Einen der interessantesten Stände in der Entdeckerhalle 3 präsentierte die Galerie Bugada & Cargnel aus Paris. „Bei uns liefen die meisten Verkäufe am ersten Tag“, erzählt Frédéric Bugada. „Gute Verkäufe, interessante Leute aus Frankreich, Deutschland, London, Italien, Belgien, der Schweiz und Kanada. Man kann behaupten, die Art Brussels sei eine Regionalmesse, aber sie findet ja im Zentrum von Europa statt. Wenn man bedenkt, von wie vielen Städten aus man sogar mit dem Auto die Stadt Brüssel in zwei Stunden erreichen kann, so ist das ein enormes Potenzial an Sammlern und Besuchern, die hierher kommen können.“
Ein Eyecatcher am Stand waren mit Bieretiketten überklebte Vintage-Pressefotos von Natur-katastrophen in Buffalo, der „Queen City“ am Eriesee, von Cyprien Gaillard (Unikate: 11.000 Euro) an der Außenwand. „Damit locke ich die Besucher in die Koje“, erzählt der Pariser Galerist, der in diesem Jahr nach mehrjähriger LISTE-Präsenz zum ersten Mal an der Art Basel teilnehmen wird. Für je 2.200 Euro (Auflage: 3) noch günstig zu haben waren drei Schwarz-Weiß-Fotografien des Franzosen Adrien Missika, Jahrgang 1981, mit dem Titel „We Didn’t Cross The Border, The Border Crossed Us“. Sie zeigen bizarre alte Saguaro-Kakteen, die an der scharf bewachten Grenze zwischen den USA und Mexiko wachsen.
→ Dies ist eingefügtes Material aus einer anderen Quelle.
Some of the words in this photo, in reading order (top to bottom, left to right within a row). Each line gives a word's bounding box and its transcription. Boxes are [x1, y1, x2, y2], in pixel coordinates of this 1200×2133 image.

Durch eine Korrektur des Grenzverlaufs haben die unschuldigen mexikanischen Pflanzen ganz legal die Grenze überwunden und sind so nolens volens Amerikaner geworden. Ein intelligenter, ästhetisch überzeugener Kommentar zur strikten amerikanischen Einwanderungspolitik.
Ein weiterer fotografischer Höhepunkt der Art Brussels war eine Fotoserie des in Graz lebenden Japaners Seiichi Furuya, Jahrgang 1950, bei der Galerie Thomas Fischer aus Berlin. Der Mitbegründer der österreichischen Zeitschrift Camera Austria zeigt in zeitlos-sensiblen Bildern Porträts seiner verstorbenen Frau. Die Abzüge entstanden zwischen 1978 und 1985 und wurden in einer offenen Edition zwischen 2.500 und 3.500 Euro angeboten.
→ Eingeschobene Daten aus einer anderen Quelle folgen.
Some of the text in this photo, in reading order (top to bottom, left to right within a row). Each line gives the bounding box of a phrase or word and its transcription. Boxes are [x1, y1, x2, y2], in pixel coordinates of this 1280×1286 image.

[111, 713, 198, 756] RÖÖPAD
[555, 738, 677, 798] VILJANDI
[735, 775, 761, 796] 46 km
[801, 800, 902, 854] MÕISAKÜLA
Die Brüsseler Galerie Valérie Bach präsentierte an ihrem Stand unter anderem Zeichnungen und Skulpturen der Pariserin Jeanne Susplugas, Jahrgang 1974. Die Französin setzt sich einerseits mit Architektur und dem Haus als verlorenem Heimatort in einer nomadischen Gesellschaft, andererseits aber auch mit dem permanenten Druck des Individuums, in einer kapitalistischen Leistungsgesellschaft funktionieren zu müssen, und dem oft damit verbundenen Konsum von Medikamenten und Drogen auseinander (Zeichnungen: 900 Euro, Keramik: 6.000 Euro, Glasskulptur: 9.000 Euro, Auflage: 3).
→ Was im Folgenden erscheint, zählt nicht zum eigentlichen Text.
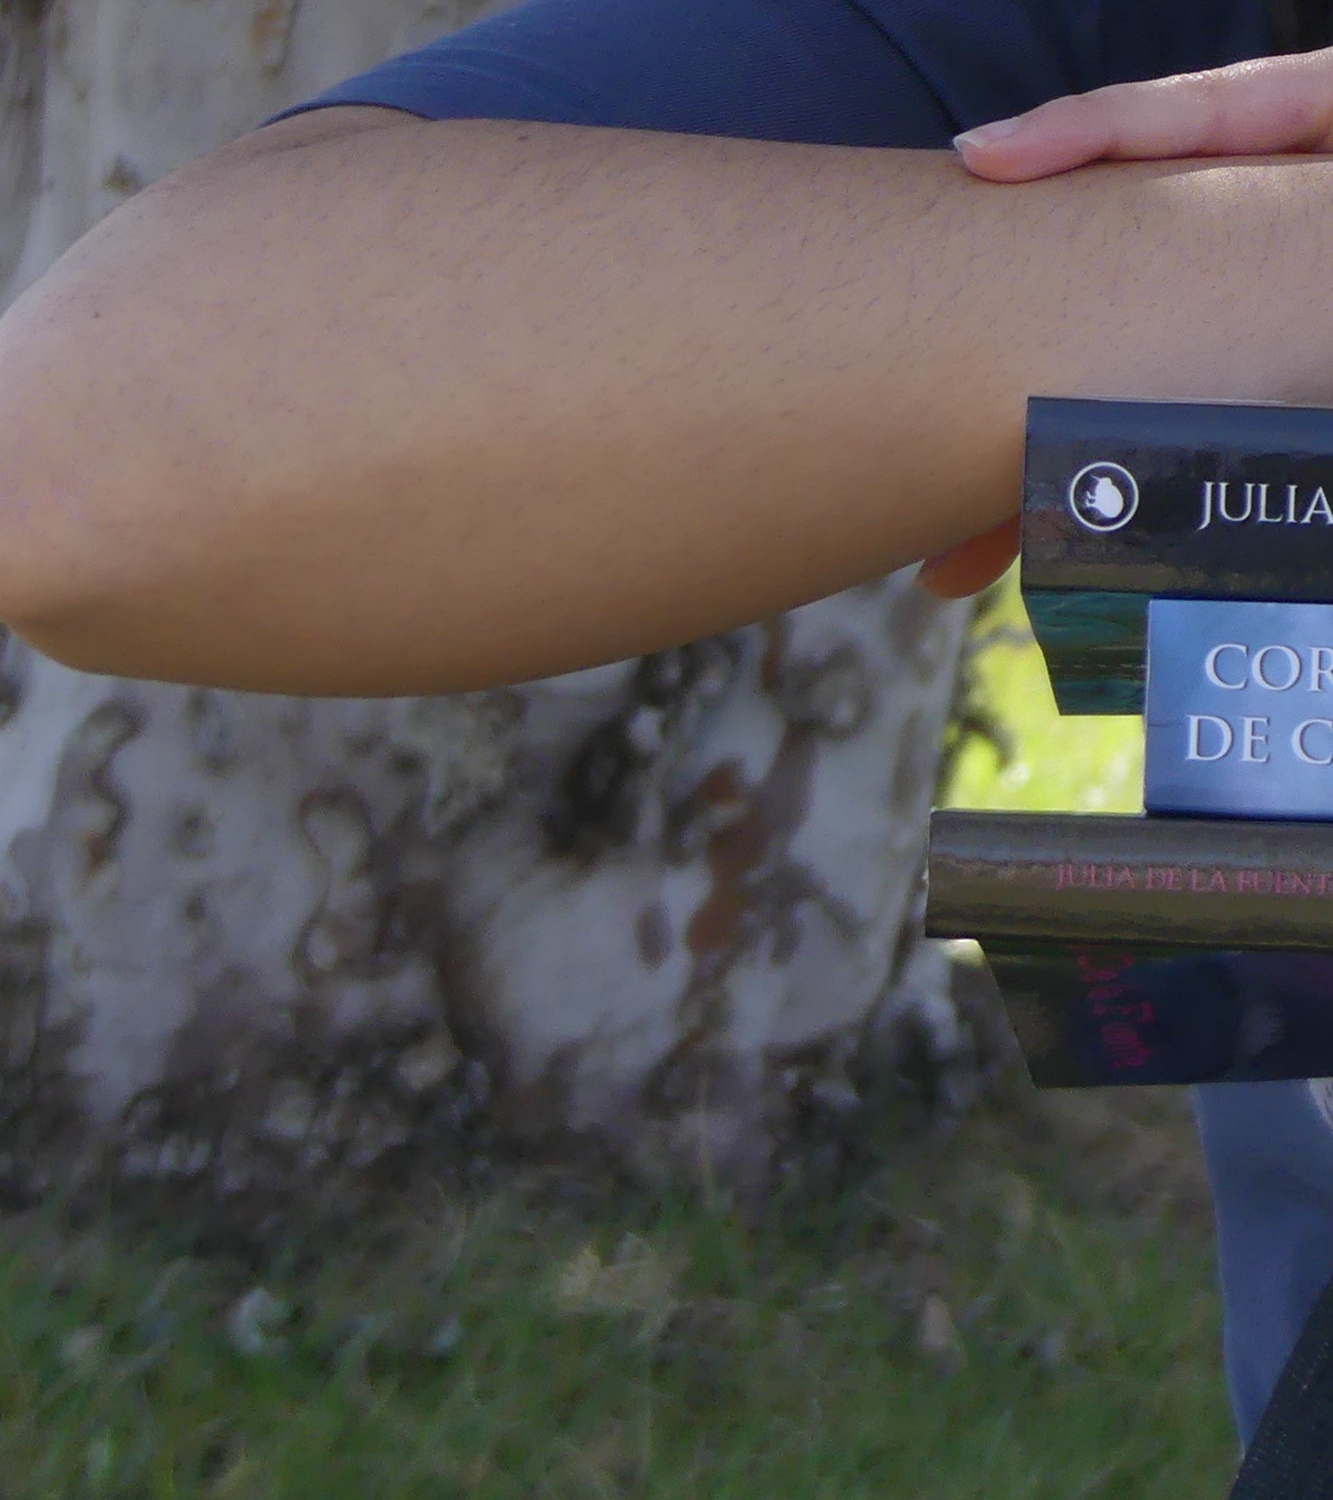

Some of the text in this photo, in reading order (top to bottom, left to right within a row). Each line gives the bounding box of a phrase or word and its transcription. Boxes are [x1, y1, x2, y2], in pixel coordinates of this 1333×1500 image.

[1185, 714, 1270, 763] DE
[1056, 864, 1137, 891] JULIA
[1190, 868, 1227, 893] LA
Doch nicht nur in der Halle 3 herrschte gute Stimmung. Auch die Galerien in der etablierteren Halle 1 meldeten gute Verkäufe. So konnte die New Art Centre Gallery eine Skulptur von Barbara Hepworth für über eine Million US$ an eine europäische Privatsammlung verkaufen. Und der Brüsseler Lokalmatador Xavier Hufkens verkaufte Skulpturen von Antony Gormley und Louise Bourgeois für bis zu 600.000 US$.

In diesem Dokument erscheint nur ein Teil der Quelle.